Sarki's narrative shows that Pakistan's generals are extremely suspicious of the U.S. role in the troubled southwest Asia region. "How are your brothers in the Baluchistan mountains doing?" Sarki said he was asked as interrogators grilled him about his links with two prominent slain leaders from Baluchistan - former chief minister and governor of Baluchistan, Nawab Akbar Khan Bugti, who was assassinated on August 26, 2008, and provincial assembly member Nawabzada Balach Marri, who was killed November, 2007.
Sarki was also questioned about his ties with Sardar Ataullah Mengal, another former chief minister of Baluchistan. Pakistani intelligence killed Mengal's son, Asadullah Mengal, in the mid-1970s and as in the case of Nawab Bugti, his remains were never returned to his family. To this day, none knows where Mengal was buried.
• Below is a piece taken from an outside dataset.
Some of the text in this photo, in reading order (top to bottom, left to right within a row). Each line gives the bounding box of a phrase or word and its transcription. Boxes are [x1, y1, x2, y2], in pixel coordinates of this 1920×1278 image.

When Sarki went missing in Pakistan, members of Congress asked Islamabad about his whereabouts. "In a written response, Pakistan government lied to the U.S. Congress that they do not know Sarki's whereabouts," said Iqbal Tareen, chief coordinator of Forum for Justice and Democracy in Pakistan.
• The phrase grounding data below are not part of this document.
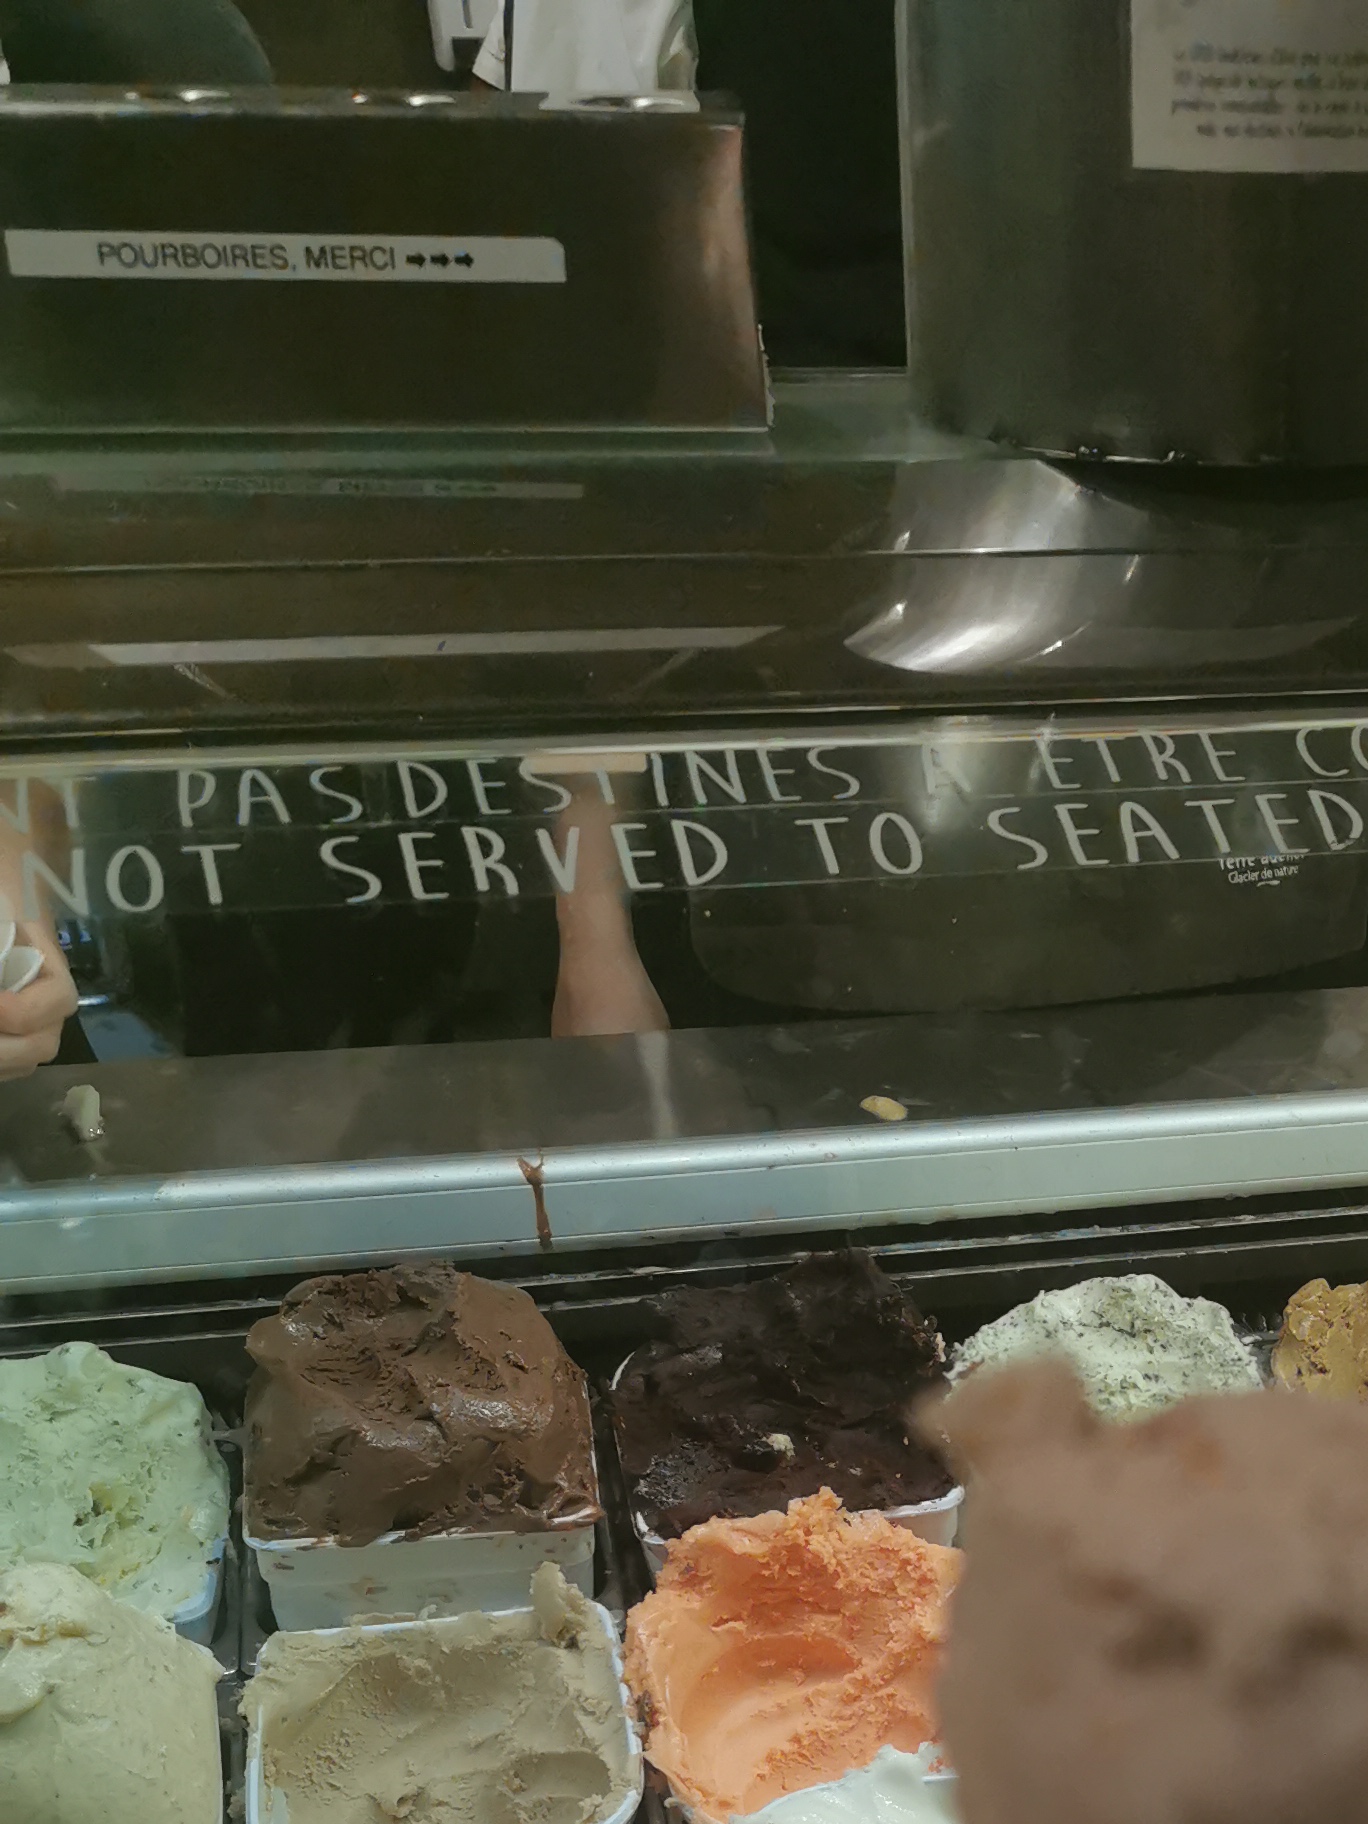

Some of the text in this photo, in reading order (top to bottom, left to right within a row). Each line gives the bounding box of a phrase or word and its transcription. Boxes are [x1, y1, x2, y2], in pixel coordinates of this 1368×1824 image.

[98, 241, 396, 273] POURBOIRES, MERCI
[21, 842, 242, 918] NOT
[318, 818, 730, 904] SERVED
[793, 811, 925, 877] TO
[986, 788, 1365, 871] SEATED
Bush Administration officials have become wary of Pakistan's support of the Taliban in Afghanistan and in recent months haven demanded that Islamabad do more to fight extremist Islamic terrorism. Afghanistan, India and the CIA have accused Pakistan of secretly helping the Taliban.
According to a recent report in the Frontier Post, a U.S. online military newspaper, U.S. Joint Chiefs chairman Adm. Mike Mullen suggested to Pakistani officials in a July meeting they should carry out a referendum in Baluchistan and Frontier provinces if they are unable to quell Islamic terrorism on their own.
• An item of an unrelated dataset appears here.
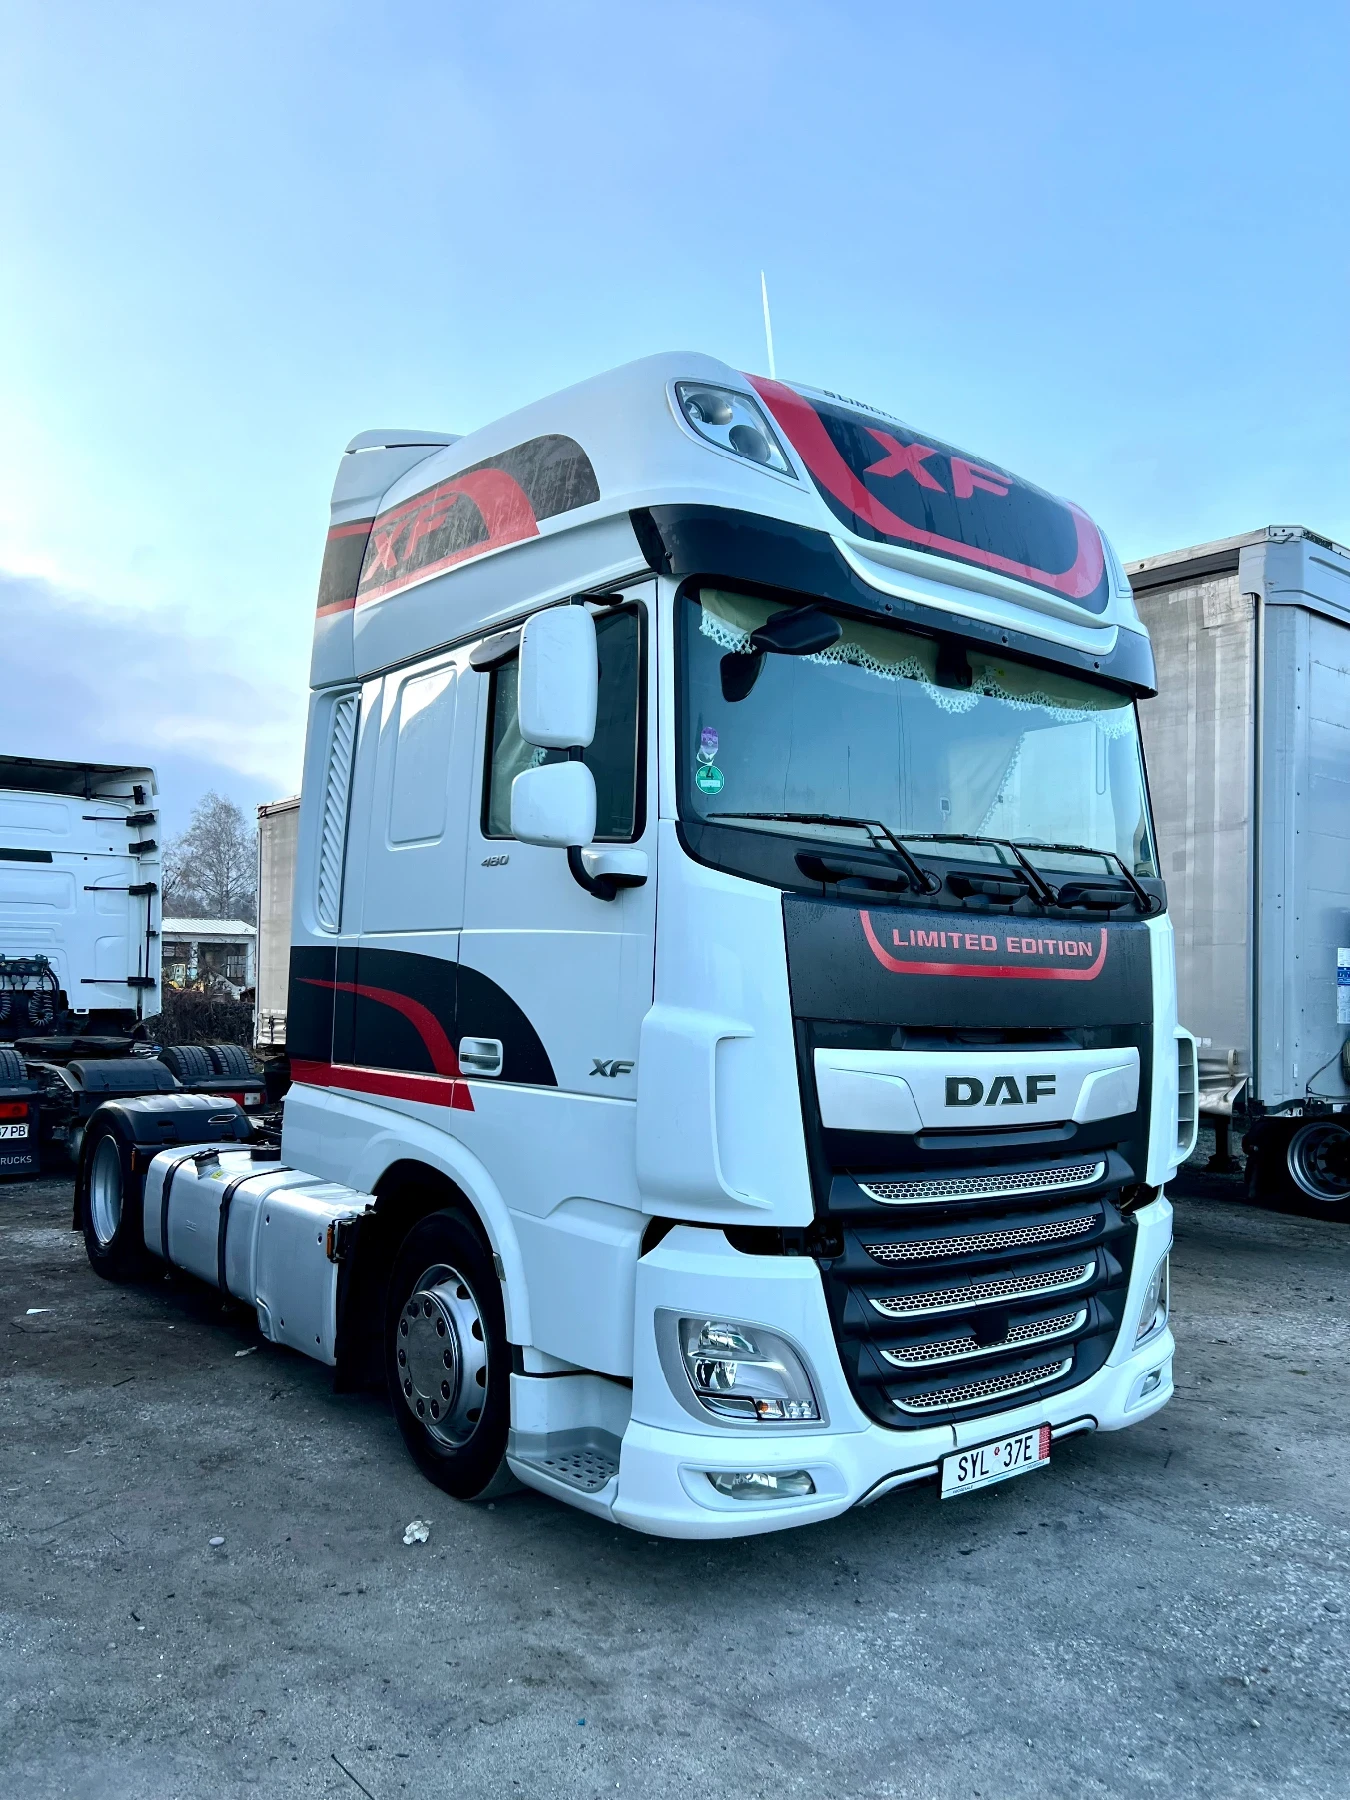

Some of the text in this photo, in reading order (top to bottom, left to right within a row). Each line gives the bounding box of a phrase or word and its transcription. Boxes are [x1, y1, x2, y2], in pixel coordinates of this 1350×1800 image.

Many analysts believe Baluchi and Pahstun nationalism are the best antidotes against extremism.
The Texas-sized Pakistani state of Baluchistan has been the scene of a bloody insurgency, which the Baluch call the Fifth War of Liberation. They say their native land was forcibly annexed by Pakistan in March 1948, more than seven months after the British granted the Baluchi independence separately from Pakistan and India.
Baluchi rebels accuse Islamabad of stealing their national wealth at the point of a gun. Under the de jure ruler of Baluchistan, the Khan of Kalat Beglar Begi ["The Prince among Princes"], Suleman Daud Ahmedzai, Baluchis are now knocking at the doors of the International Court of Justice at the Hague.
Before the start of Operation Enduring Freedom - launched by the U.S. to defeat the Taliban in Afghanistan - Pakistan often tortured political activists after charging them with promoting India's political agenda. Sarki said he was himself surprised the line of questioning had changed and asked one of the Military Intelligence officers about it. "You are of a higher level," the colonel responded in what he presumed was an oblique reference to Sarki's U.S. nationality.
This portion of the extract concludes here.